Dgraph version : v1.1.0
Dgraph SHA-256 : 7d4294a80f74692695467e2cf17f74648c18087ed7057d798f40e1d3a31d2095
Commit SHA-1 : ef7cdb28

Hardware Spec ?

OS: Arch Linux, (running dgraph in docker env)
CPU: AMD 3900x
RAM: 64GB

Steps to reproduce the issue (command/config used to run Dgraph).

schema.txt - graph layout
trait.txt - initial seed data
graph.gz - (full graph)

Commands:
Update schema through dgraph web UI (copy and paste schema.txt into schema bulk edit)
Then run the following from shell in dir where downloaded trait.txt.gz and graph.gz exist.

$ curl -X POST -H 'Content-Encoding: gzip' -H "Content-Type: application/rdf" localhost:8080/mutate\?commitNow=true --data-binary @trait.txt.gz
$ curl -X POST -H 'Content-Encoding: gzip' -H "Content-Type: application/rdf" localhost:8080/mutate\?commitNow=true --data-binary @graph.gz

Expected behaviour and actual result.

Dgraph should process the graph, but instead spins on it and never completes processing.

Other

I know the graph itself is sound as I have processed smaller data sets with the exact layout. It seems once a graph reaches a certain size dgraph can no longer process it. Maybe I have exceed some sort of internal limit.

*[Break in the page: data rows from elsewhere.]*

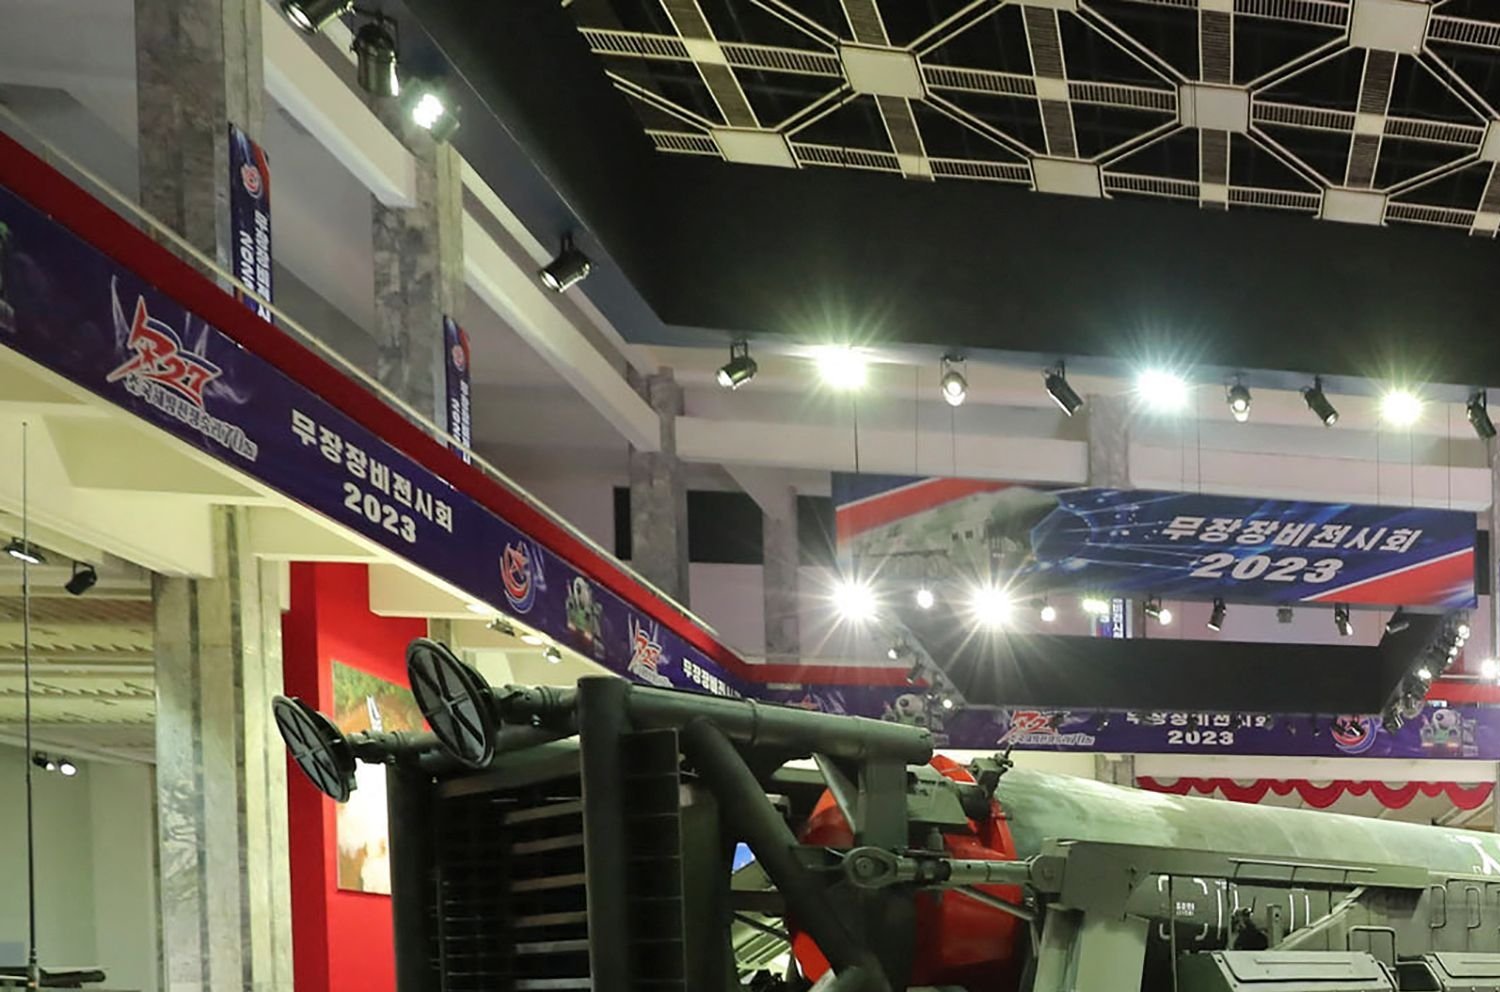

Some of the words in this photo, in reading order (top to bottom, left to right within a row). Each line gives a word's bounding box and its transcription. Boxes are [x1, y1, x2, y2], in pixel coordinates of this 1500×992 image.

[291, 409, 453, 533] 무장장비전시회
[343, 483, 417, 543] 2023
[1161, 515, 1422, 553] 무장장비전시회
[1190, 553, 1344, 583] 2023
[683, 657, 741, 698] 무장장비전
[1168, 730, 1234, 745] 2023
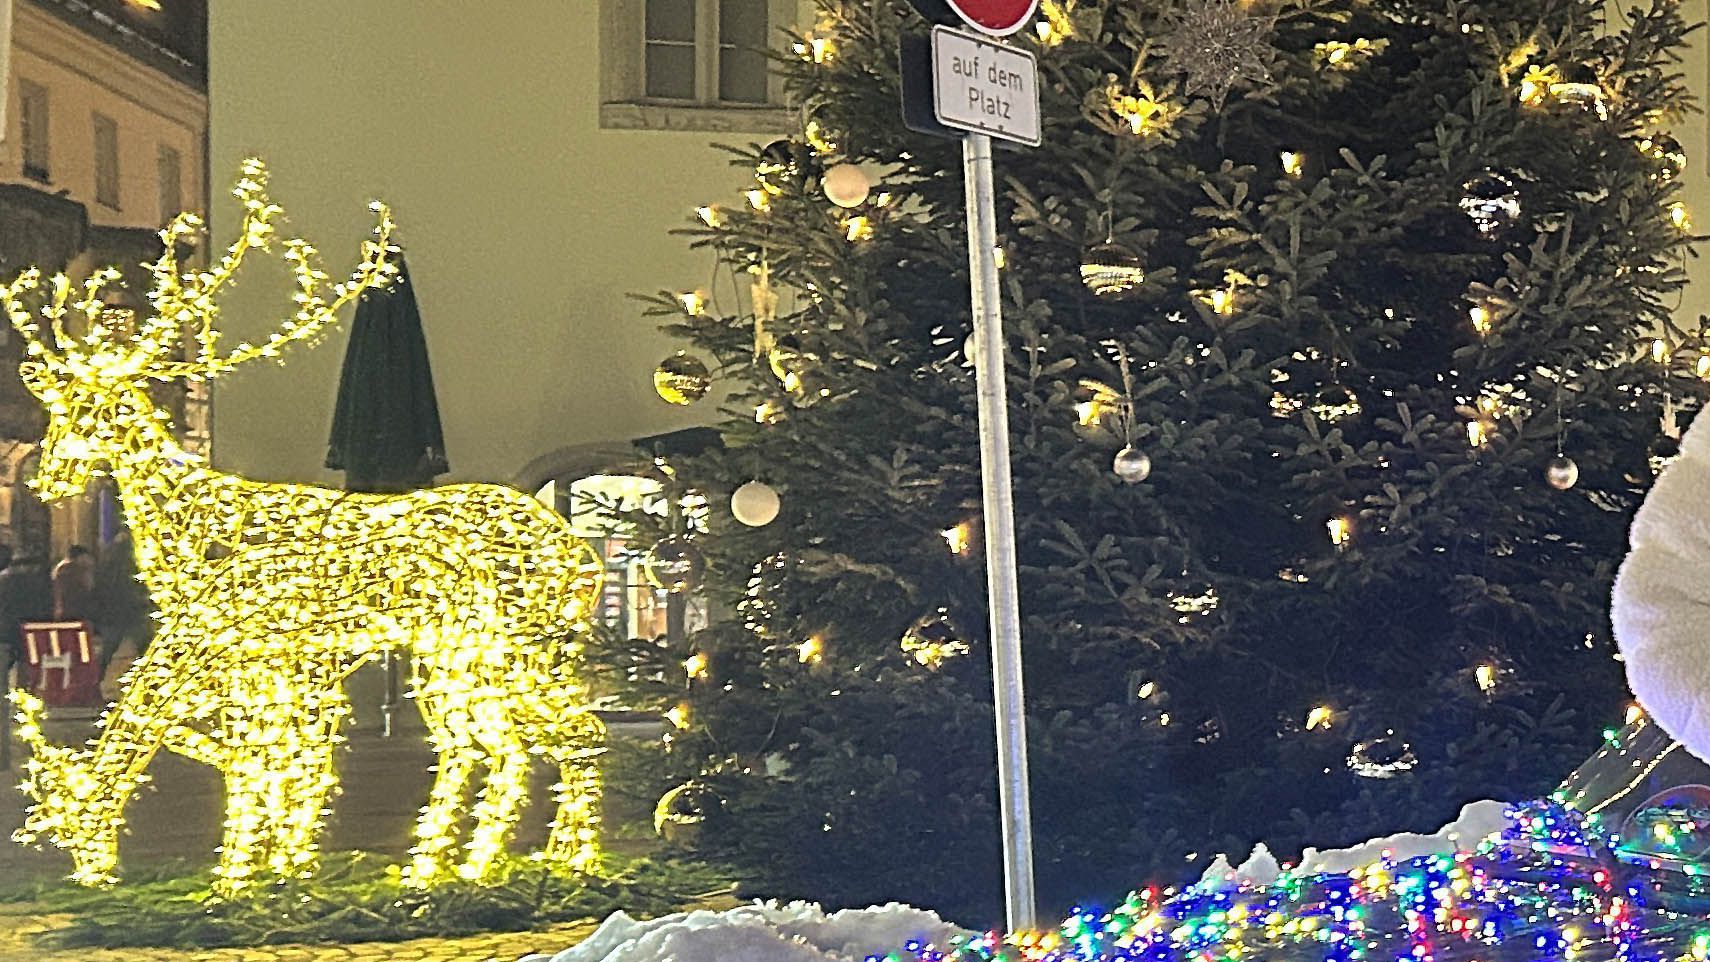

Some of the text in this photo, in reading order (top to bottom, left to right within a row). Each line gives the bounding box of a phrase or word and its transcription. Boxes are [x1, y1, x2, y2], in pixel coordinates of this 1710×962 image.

I have also attached log of dgraph server and it looks like a raft consensus is timing out.

Files

graph.gz
error.log
schema.txt
trait.txt.gz

diggy · October 31, 2019, 4:15pm

MichelDiz commented :

What exactly are you doing? Is it a bulk load? live load?

The file graph.gz isn’t correct for bulk. Bulk or Live only accepts Nquads or JSON. No upsert or even the format:

mutation {
set {

    }
}

If you wanna change something, you should do it after the load via upsert. Not during the load.

What is the config of your cluster (how many groups, instances) do you have?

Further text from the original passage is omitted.